New Leader Information
Some of the roles you might fill to support a Cub Scout pack are these:
Cubmaster. The Cubmaster's most visible duty is to emcee the monthly pack meeting. Behind the scenes, the Cubmaster works with the pack
committee to plan and carry out the pack program and helps coordinate the efforts of the den leaders. A Cubmaster may be assisted by one or more assistant
Den Leader. The den leader conducts weekly meetings for a smaller group of boys and helps coordinate the den's contribution
to the monthly pack meeting. A den leader is typically assisted by at least one assistant den leader.
Pack Committee. The pack committee works with the Cubmaster to plan and carry out the pack program.
The committee also coordinates major events and secures support for the pack. The committee consists of a chairperson and other members who may have
particular functions, such as finance, marketing, advancement, or outdoor program.
Function Committees. Some pack events have special-purpose committees. Holding a Scouting for Food drive, pinewood derby, blue
and gold banquet, pack graduation, or field day requires more planning and coordination than a typical pack meeting.
Parent Helpers. Some events need extra adults to help the pack leaders. A parent can pitch in by driving a vehicle for a
field trip, helping prepare lunch at a day camp, supervising an event at a field day, or supporting unit leaders on an as-needed basis.
Any parent or chartered organization member is usually welcome to pitch in and help with the pack, and there are no formal requirements for
periodic or temporary assignments. But to serve in an ongoing role, you must register as an adult volunteer with the Boy Scouts of
America by submitting an adult leader application.
This application must be approved by the pack, the local council, and the national office.

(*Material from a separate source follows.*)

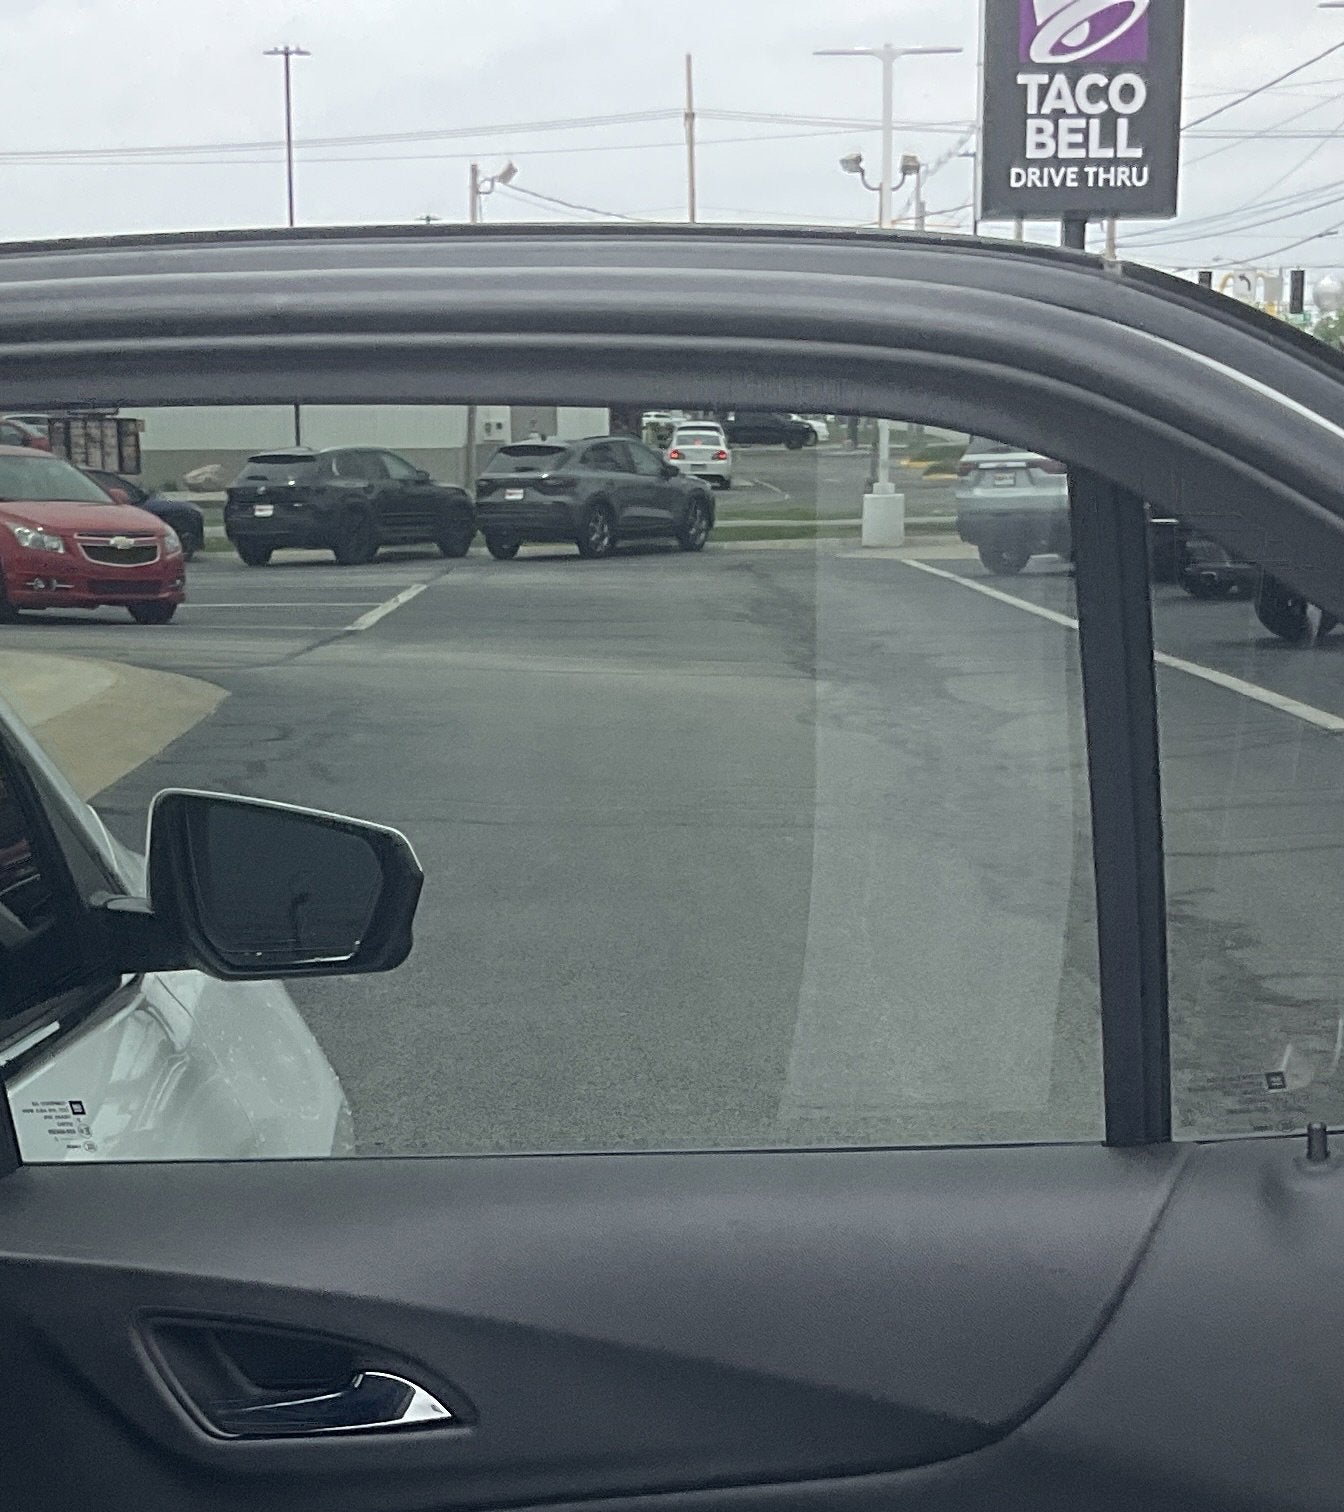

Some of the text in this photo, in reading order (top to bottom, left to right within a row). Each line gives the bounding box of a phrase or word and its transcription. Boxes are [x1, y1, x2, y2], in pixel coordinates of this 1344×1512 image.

[1016, 72, 1148, 115] TACO
[1025, 117, 1144, 159] BELL
[1009, 165, 1150, 188] DRIVE THRU

The requirements are fairly straightforward:
You must be 21 years of age or older. (For some positions, such as assistant Cubmaster or assistant den leader, the minimum age is 18.)
You must be a U.S. citizen or legal resident.
You must agree to abide by the Scout Oath and Law and subscribe to the Declaration of Religious Principle.
You must be a person of good moral character and satisfactorily pass a criminal background check.
In some cases, being highly active in the pack or chartered organization, having experience working with youth, and
having specialized skills can also be beneficial, but are not strictly required.
How to Volunteer
If you are highly active in the pack or its chartered organization, a time may come when the pack approaches you to fill a leadership position.
However,you may wish to make your interest known to the pack leaders (the Cubmaster or committee chair). Or, if you wish to volunteer to help
the district or council, contact the local council service center or speak with your district executive.
There's no guarantee that you
will be selected for a leadership position right away. The selection process is fairly competitive, and you may be competing with a
large number of candidates for a small number of positions. But packs and councils are always grateful for volunteers and should be
able to find a place where you can help out until the exact position you're interested in comes open.